Work request:
Could you reproduce every record below exactly as written?

Extracted data entries
━━━━━━━━━━━━━━━━━━━━━━━━━━━━━━

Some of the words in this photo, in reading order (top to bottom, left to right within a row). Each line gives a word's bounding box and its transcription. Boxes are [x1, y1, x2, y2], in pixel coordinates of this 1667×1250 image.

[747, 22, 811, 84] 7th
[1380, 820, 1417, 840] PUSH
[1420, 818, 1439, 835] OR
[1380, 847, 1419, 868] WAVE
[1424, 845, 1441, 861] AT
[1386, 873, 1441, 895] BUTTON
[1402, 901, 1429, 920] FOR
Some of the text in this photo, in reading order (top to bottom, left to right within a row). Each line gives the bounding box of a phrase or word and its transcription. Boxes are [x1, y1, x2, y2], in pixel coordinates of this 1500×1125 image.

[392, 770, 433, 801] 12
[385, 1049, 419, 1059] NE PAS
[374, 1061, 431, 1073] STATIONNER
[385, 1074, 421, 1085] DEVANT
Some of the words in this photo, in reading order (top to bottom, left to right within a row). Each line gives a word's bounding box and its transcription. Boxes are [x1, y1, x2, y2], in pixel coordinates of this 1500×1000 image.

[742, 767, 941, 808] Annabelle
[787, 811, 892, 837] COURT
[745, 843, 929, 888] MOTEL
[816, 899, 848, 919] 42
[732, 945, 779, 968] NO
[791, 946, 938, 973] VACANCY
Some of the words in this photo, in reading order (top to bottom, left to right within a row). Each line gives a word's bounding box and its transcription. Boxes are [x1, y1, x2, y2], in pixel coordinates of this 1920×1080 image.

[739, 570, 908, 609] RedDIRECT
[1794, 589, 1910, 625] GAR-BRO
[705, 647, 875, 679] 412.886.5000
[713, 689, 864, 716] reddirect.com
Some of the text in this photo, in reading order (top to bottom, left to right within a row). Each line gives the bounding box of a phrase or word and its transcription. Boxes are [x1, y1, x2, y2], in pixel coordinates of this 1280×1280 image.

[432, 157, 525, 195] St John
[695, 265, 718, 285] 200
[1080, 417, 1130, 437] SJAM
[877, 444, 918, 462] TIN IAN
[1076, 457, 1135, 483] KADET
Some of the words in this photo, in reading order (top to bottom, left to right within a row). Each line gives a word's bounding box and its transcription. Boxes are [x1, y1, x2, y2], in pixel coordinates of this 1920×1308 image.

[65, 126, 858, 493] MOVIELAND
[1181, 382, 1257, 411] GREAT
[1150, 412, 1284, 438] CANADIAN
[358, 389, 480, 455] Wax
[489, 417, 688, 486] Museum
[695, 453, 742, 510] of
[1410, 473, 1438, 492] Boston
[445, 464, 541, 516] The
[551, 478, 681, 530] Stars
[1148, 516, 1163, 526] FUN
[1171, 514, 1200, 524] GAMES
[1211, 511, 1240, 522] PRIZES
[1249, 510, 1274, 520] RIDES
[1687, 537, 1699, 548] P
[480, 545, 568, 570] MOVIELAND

━━━━━━━━━━━━━━━━━━━━━━━━━━━━━━

Task answer:
Some of the words in this photo, in reading order (top to bottom, left to right within a row). Each line gives a word's bounding box and its transcription. Boxes are [x1, y1, x2, y2], in pixel coordinates of this 1667×1250 image.

[747, 22, 811, 84] 7th
[1380, 820, 1417, 840] PUSH
[1420, 818, 1439, 835] OR
[1380, 847, 1419, 868] WAVE
[1424, 845, 1441, 861] AT
[1386, 873, 1441, 895] BUTTON
[1402, 901, 1429, 920] FOR
Some of the text in this photo, in reading order (top to bottom, left to right within a row). Each line gives the bounding box of a phrase or word and its transcription. Boxes are [x1, y1, x2, y2], in pixel coordinates of this 1500×1125 image.

[392, 770, 433, 801] 12
[385, 1049, 419, 1059] NE PAS
[374, 1061, 431, 1073] STATIONNER
[385, 1074, 421, 1085] DEVANT
Some of the words in this photo, in reading order (top to bottom, left to right within a row). Each line gives a word's bounding box and its transcription. Boxes are [x1, y1, x2, y2], in pixel coordinates of this 1500×1000 image.

[742, 767, 941, 808] Annabelle
[787, 811, 892, 837] COURT
[745, 843, 929, 888] MOTEL
[816, 899, 848, 919] 42
[732, 945, 779, 968] NO
[791, 946, 938, 973] VACANCY
Some of the words in this photo, in reading order (top to bottom, left to right within a row). Each line gives a word's bounding box and its transcription. Boxes are [x1, y1, x2, y2], in pixel coordinates of this 1920×1080 image.

[739, 570, 908, 609] RedDIRECT
[1794, 589, 1910, 625] GAR-BRO
[705, 647, 875, 679] 412.886.5000
[713, 689, 864, 716] reddirect.com
Some of the text in this photo, in reading order (top to bottom, left to right within a row). Each line gives the bounding box of a phrase or word and its transcription. Boxes are [x1, y1, x2, y2], in pixel coordinates of this 1280×1280 image.

[432, 157, 525, 195] St John
[695, 265, 718, 285] 200
[1080, 417, 1130, 437] SJAM
[877, 444, 918, 462] TIN IAN
[1076, 457, 1135, 483] KADET
Some of the words in this photo, in reading order (top to bottom, left to right within a row). Each line gives a word's bounding box and its transcription. Boxes are [x1, y1, x2, y2], in pixel coordinates of this 1920×1308 image.

[65, 126, 858, 493] MOVIELAND
[1181, 382, 1257, 411] GREAT
[1150, 412, 1284, 438] CANADIAN
[358, 389, 480, 455] Wax
[489, 417, 688, 486] Museum
[695, 453, 742, 510] of
[1410, 473, 1438, 492] Boston
[445, 464, 541, 516] The
[551, 478, 681, 530] Stars
[1148, 516, 1163, 526] FUN
[1171, 514, 1200, 524] GAMES
[1211, 511, 1240, 522] PRIZES
[1249, 510, 1274, 520] RIDES
[1687, 537, 1699, 548] P
[480, 545, 568, 570] MOVIELAND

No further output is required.